Phrase grounding data
▬▬▬
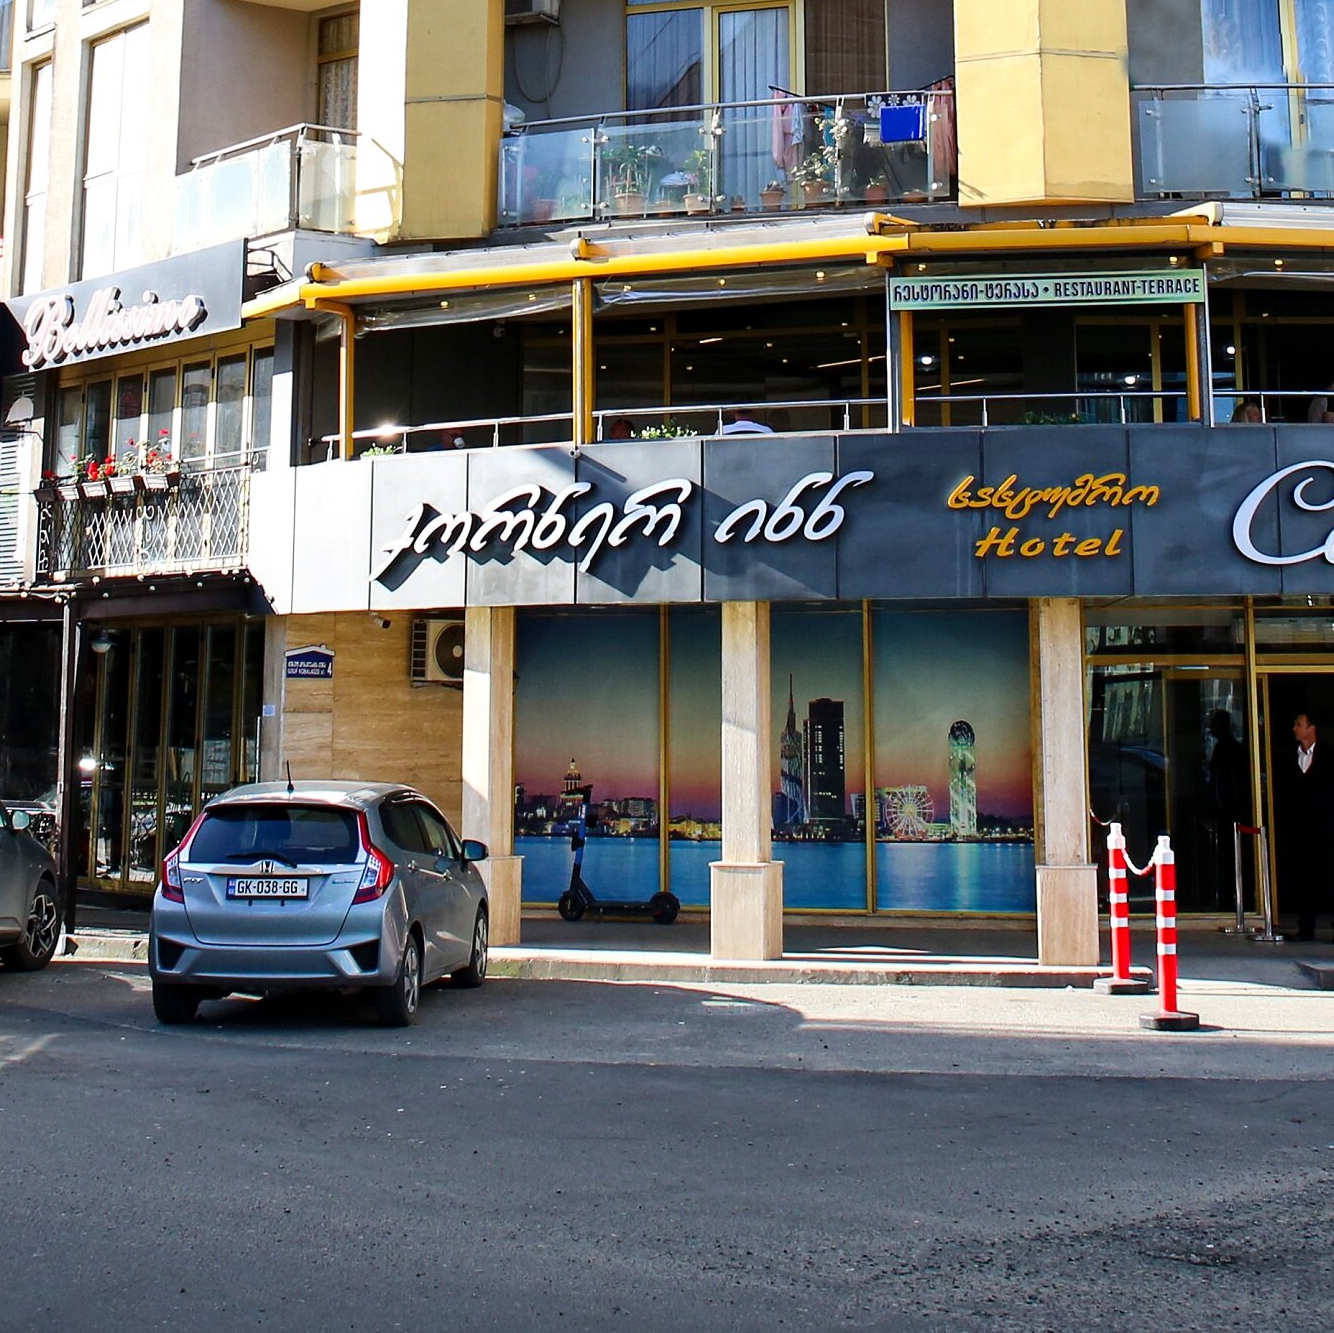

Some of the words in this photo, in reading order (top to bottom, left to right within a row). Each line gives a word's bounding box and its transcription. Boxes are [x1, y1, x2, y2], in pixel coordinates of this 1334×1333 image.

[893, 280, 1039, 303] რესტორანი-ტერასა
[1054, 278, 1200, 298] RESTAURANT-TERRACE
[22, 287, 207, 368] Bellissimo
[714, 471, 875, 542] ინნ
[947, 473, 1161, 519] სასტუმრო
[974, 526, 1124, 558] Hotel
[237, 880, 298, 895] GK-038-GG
▬▬▬
Return an exact copy of the data above, apart from any pictures.

Solution —
Some of the words in this photo, in reading order (top to bottom, left to right within a row). Each line gives a word's bounding box and its transcription. Boxes are [x1, y1, x2, y2], in pixel coordinates of this 1334×1333 image.

[893, 280, 1039, 303] რესტორანი-ტერასა
[1054, 278, 1200, 298] RESTAURANT-TERRACE
[22, 287, 207, 368] Bellissimo
[714, 471, 875, 542] ინნ
[947, 473, 1161, 519] სასტუმრო
[974, 526, 1124, 558] Hotel
[237, 880, 298, 895] GK-038-GG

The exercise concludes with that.